TASK: Exact reproduction, images excluded: write out the records below.

RECORDS TO PROCESS:
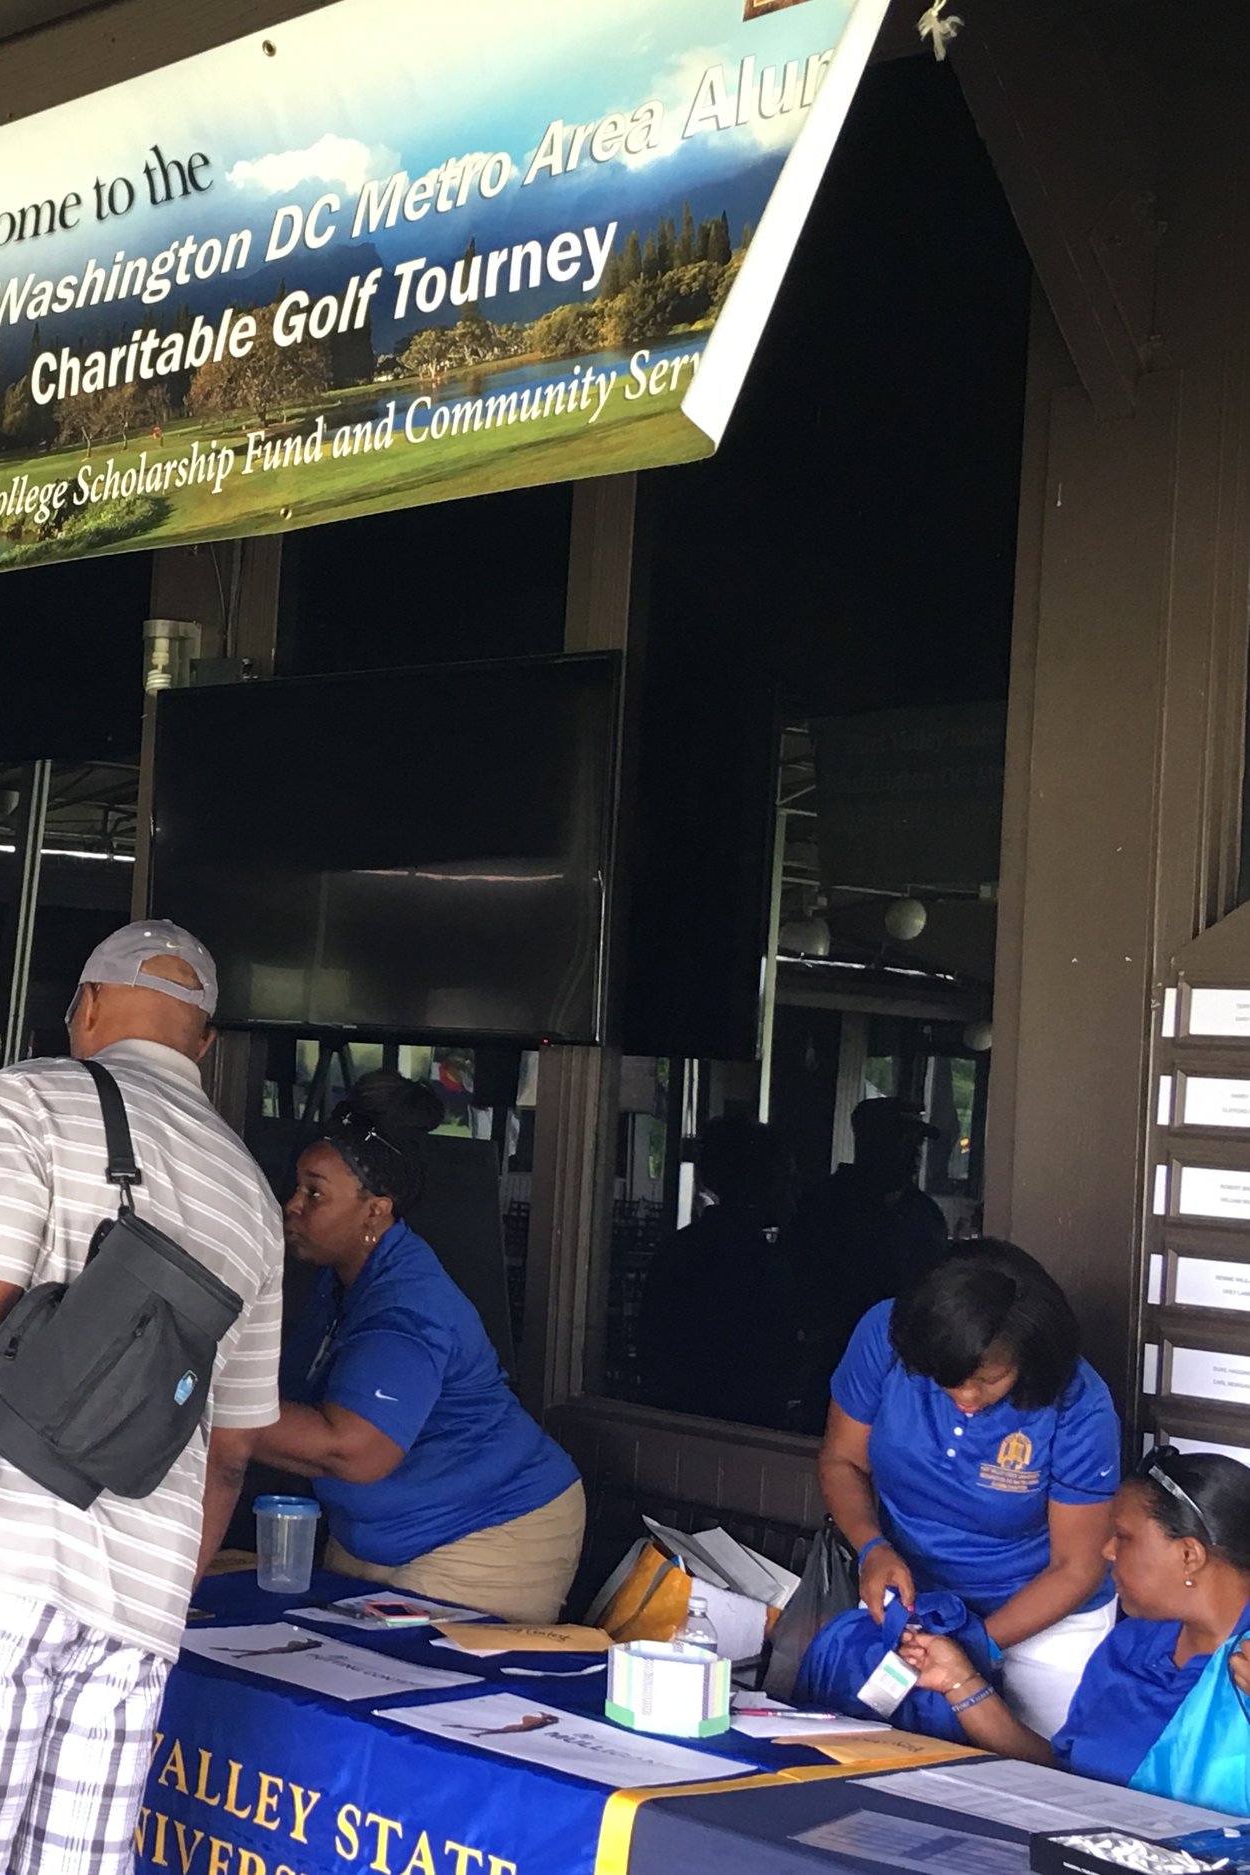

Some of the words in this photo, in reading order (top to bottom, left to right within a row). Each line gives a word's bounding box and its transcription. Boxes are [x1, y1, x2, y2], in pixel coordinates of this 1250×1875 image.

[93, 175, 135, 222] to
[143, 144, 214, 207] the
[264, 192, 340, 264] DC
[351, 150, 512, 238] Metro
[523, 99, 665, 187] Area
[31, 308, 257, 405] Charitable
[272, 266, 382, 349] Golf
[393, 221, 618, 320] Tourney
[73, 439, 235, 506] Scholarship
[241, 414, 326, 477] Fund
[332, 400, 395, 457] and
[404, 362, 617, 444] Community
[150, 1732, 321, 1844] ALLEY

EXERCISE RESPONSE:
Some of the words in this photo, in reading order (top to bottom, left to right within a row). Each line gives a word's bounding box and its transcription. Boxes are [x1, y1, x2, y2], in pixel coordinates of this 1250×1875 image.

[93, 175, 135, 222] to
[143, 144, 214, 207] the
[264, 192, 340, 264] DC
[351, 150, 512, 238] Metro
[523, 99, 665, 187] Area
[31, 308, 257, 405] Charitable
[272, 266, 382, 349] Golf
[393, 221, 618, 320] Tourney
[73, 439, 235, 506] Scholarship
[241, 414, 326, 477] Fund
[332, 400, 395, 457] and
[404, 362, 617, 444] Community
[150, 1732, 321, 1844] ALLEY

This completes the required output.